* harden wf_cliprdr.c
* fix copilot review
* Potential fix for pull request finding
Co-authored-by: Copilot Autofix powered by AI <175728472+Copilot@users.noreply.github.com>
* Potential fix for pull request finding
Co-authored-by: Copilot Autofix powered by AI <175728472+Copilot@users.noreply.github.com>
* Potential fix for pull request finding
Co-authored-by: Copilot Autofix powered by AI <175728472+Copilot@users.noreply.github.com>
* Potential fix for pull request finding
Co-authored-by: Copilot Autofix powered by AI <175728472+Copilot@users.noreply.github.com>
* fix review
* fix review
* condense hardening comments, fix style in wf_cliprdr.c
Comment-only cleanup of the review-justification comments; also move
the mutex wait result declaration to the top of the block and fix
continuation-line indentation. No behavior change.
Co-Authored-By: Claude Fable 5 <noreply@anthropic.com>
* add invariant tests for file contents request/response hardening
Cover the zeroed optional request fields, stream ID filtering,
oversized/NULL response rejection and the zero-byte EOF path.
Co-Authored-By: Claude Fable 5 <noreply@anthropic.com>
* address copilot review findings in wf_cliprdr.c
- Reject a negative FILECONTENTS_SIZE result: m_lSize is unsigned, so a
negative value became a huge bogus stream size that keeps reads going.
- Use a unique per-stream counter as the CLIPRDR streamId instead of a
truncated IStream pointer, which could collide or be reused after free
(and leaked heap addresses to the peer).
- Add req_f_request_mutex to serialize whole file-contents request/response
cycles, enforcing the previously assumed one-outstanding-request
invariant when multiple streams are read concurrently. Bounded acquire
so a wedged request fails the read instead of hanging a consumer.

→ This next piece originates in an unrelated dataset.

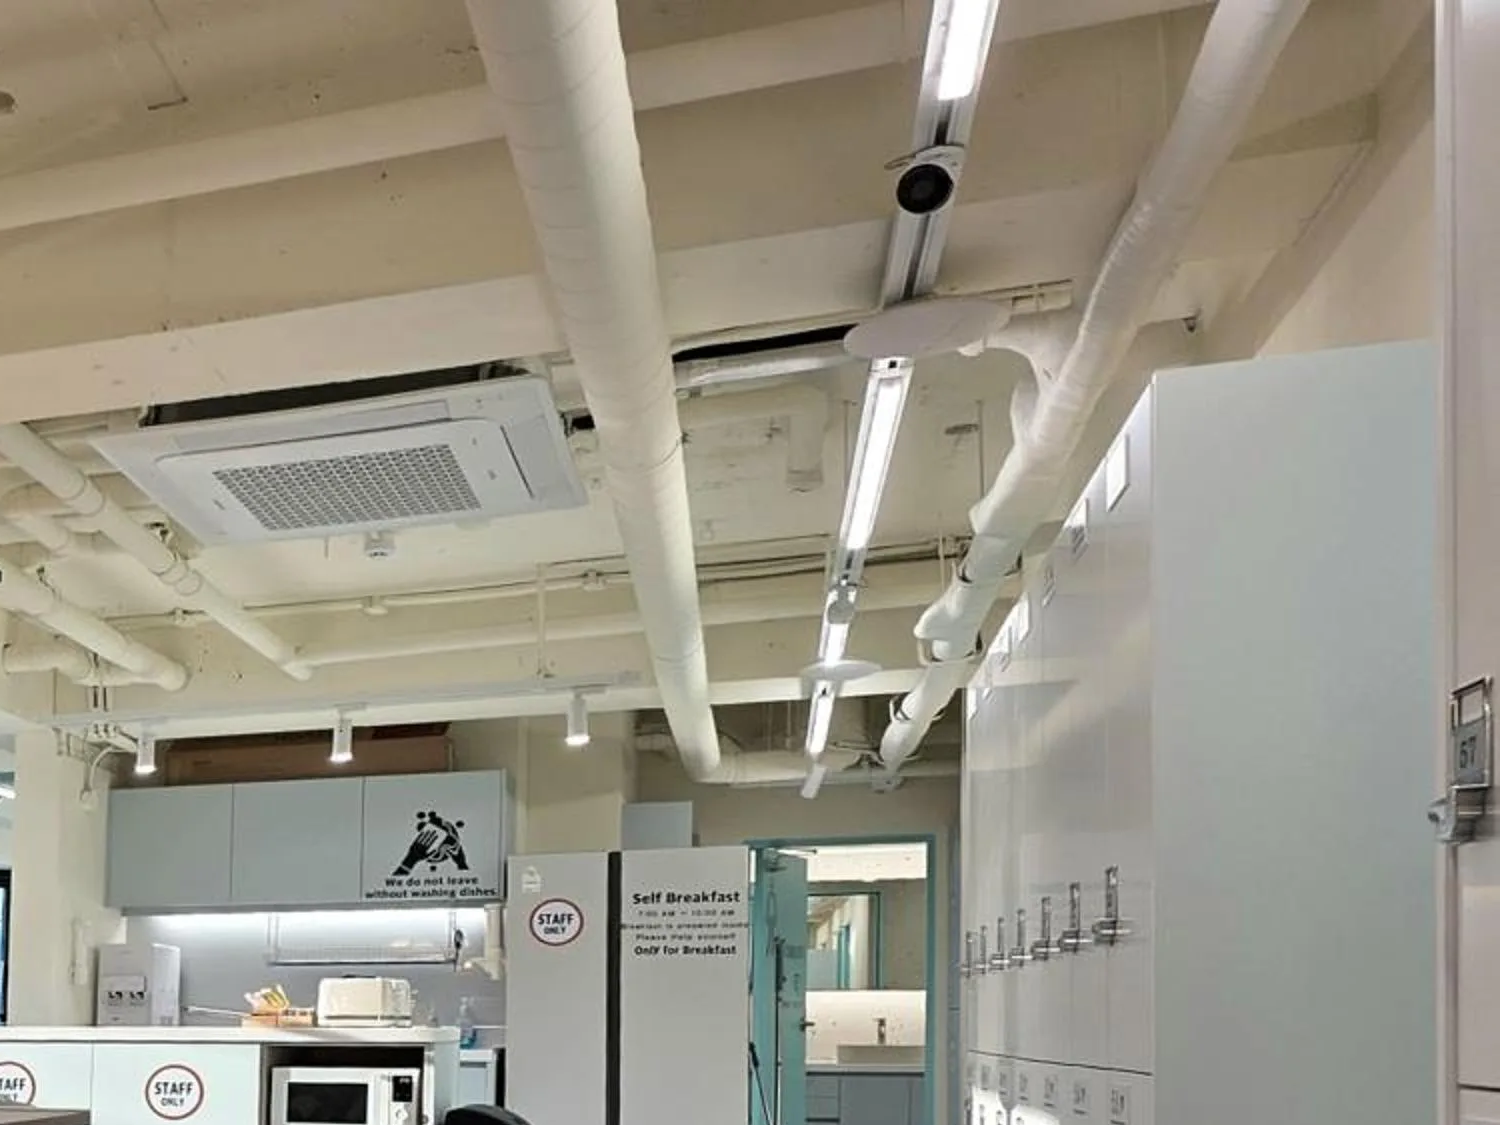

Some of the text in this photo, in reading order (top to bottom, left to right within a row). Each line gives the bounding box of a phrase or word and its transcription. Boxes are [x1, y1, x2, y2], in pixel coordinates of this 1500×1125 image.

Co-Authored-By: Claude Fable 5 <noreply@anthropic.com>
* serialize file-contents request state and poison streams after timeout
- Extract lock_mutex() for the WAIT_OBJECT_0/WAIT_ABANDONED idiom shared by
take_req_fdata, the request-serialization acquire, and the response handler.
- Collapse the acquire/send/take/release cycle into
cliprdr_request_filecontents_sync(), used by CliprdrStream_Read and the size
probe in CliprdrStream_New.
- Publish req_f_stream_id_expected/req_f_size_requested under req_f_mutex in the
sender and read them under the same lock in the response handler, removing the
cross-thread data race on those fields.
- Poison a stream (m_failed) after a request fails/times out, so a late response
carrying a previous offset's bytes cannot satisfy a later same-stream read.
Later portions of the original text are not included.